Deploying a containerized agent built with the Google Agent Development Kit (ADK) that uses VertexAI API

Deploying Google Agent Development Kit (ADK) Agents on Google Kubernetes Engine (GKE)

This tutorial guides you through deploying a containerized agent built with the Google Agent Development Kit (ADK) to Google Kubernetes Engine (GKE). GKE provides a managed environment for deploying, managing, and scaling your containerized applications using Google infrastructure.

Overview

In this tutorial we will deploy a simple agent to GKE. The agent will be a FastAPI application that uses Gemini 2.0 Flash as the LLM. We will use Vertex AI as the LLM provider.

This tutorial will cover:

Setting up your Google Cloud environment.
Building a container image for your agent.
Deploying the agent to a GKE cluster.
Testing your deployed agent.

Before you begin

Ensure you have the following tools installed on your workstation

If you previously installed the gcloud CLI, get the latest version by running:

gcloud components update

Ensure that you are signed in using the gcloud CLI tool. Run the following command:

gcloud auth application-default login

Make sure you have a permission to create custom IAM roles. Your user must have roles/iam.roleAdmin or roles/iam.organizationRoleAdmin role.

Infrastructure Setup

Clone the repository

Clone the repository with our guides and cd to the adk/vertex/ directory by running these commands:

git clone https://github.com/ai-on-gke/tutorials-and-examples.git
cd tutorials-and-examples/adk/vertex

Filesystem structure

adk/vertex/
├── terraform/    # Terraform configuration for automated deployment of an infrastructure
└── app/          # The desired structure of the final application. 
    ├── capital_agent/             # Agent's module name
    │   ├── __init__.py
    │   └── agent.py               # Your agent logic
    ├── main.py                    # FastAPI application entry point
    ├── requirements.txt           # Python dependencies
    └── Dockerfile                 # Container build instructions

Enable Necessary APIs

Enable the APIs required for GKE, Artifact Registry, Cloud Build, and Vertex AI

gcloud services enable \
    container.googleapis.com \
    artifactregistry.googleapis.com \
    cloudbuild.googleapis.com \
    aiplatform.googleapis.com

Create cluster and other resources

In this section we will use Terraform to automate the creation of infrastructure resources. For more details how it is done please refer to the terraform config in the terraform/ folder. By default, the configuration provisions an Autopilot GKE cluster, but it can be changed to standard by setting autopilot_cluster = false.
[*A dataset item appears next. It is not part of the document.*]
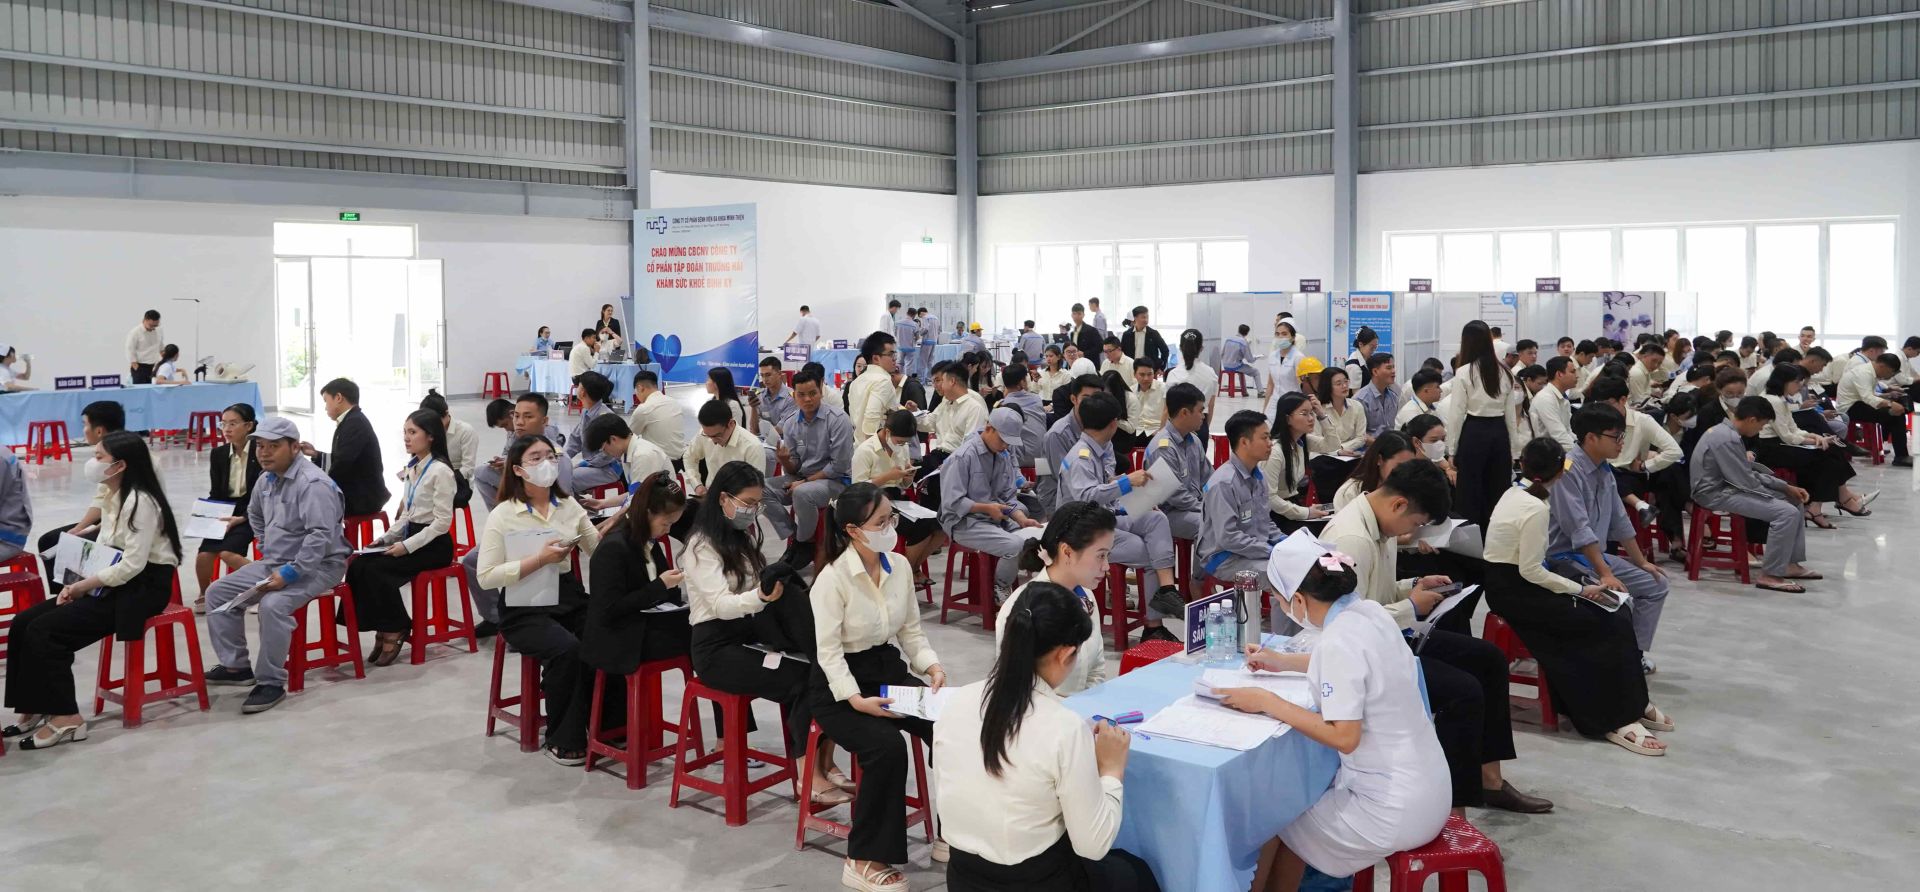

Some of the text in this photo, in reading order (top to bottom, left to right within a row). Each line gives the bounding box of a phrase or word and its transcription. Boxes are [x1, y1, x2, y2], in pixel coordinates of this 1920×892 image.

It creates the following resources. For more information such as resource names and other details, please refer to the Terraform config:

Service Accounts:
- Cluster IAM Service Account (derives name from a cluster name, e.g. tf-gke-<cluster name>) – manages permissions for the GKE cluster.
- Application’s IAM Service Account (default name adk-tf and can be changed in the terraform config) – manages permissions for the deployed application to access:
  - VertexAI LLM model.
Artifact registry – stores container images for the application.

Go the the terraform directory:
```
cd terraform
```
Specify the following values inside the default_env.tfvars file (or make a separate copy):
- <PROJECT_ID> – replace with your project id (you can find it in the project settings).
Other values can be changed, if needed, but can be left with default values.
Init terraform modules:
```
terraform init
```
Optionally run the plan command to view an execution plan:
```
terraform plan -var-file=default_env.tfvars
```

Execute the plan:

terraform apply -var-file=default_env.tfvars

And you should see your resources created:

Apply complete! Resources: 16 added, 0 changed, 0 destroyed.

Outputs:

gke_cluster_location = "us-central1"
gke_cluster_name = "adk-tf"
image_repository_full_name = "us-docker.pkg.dev/<PROJECT ID>/adk-tf"
image_repository_location = "us"
image_repository_name = "adk-tf"
k8s_service_account_name = "adk-tf"
project_id = <PROJECT ID>

Configure your kubectl context:

gcloud container clusters get-credentials $(terraform output -raw gke_cluster_name) --region $(terraform output -raw gke_cluster_location)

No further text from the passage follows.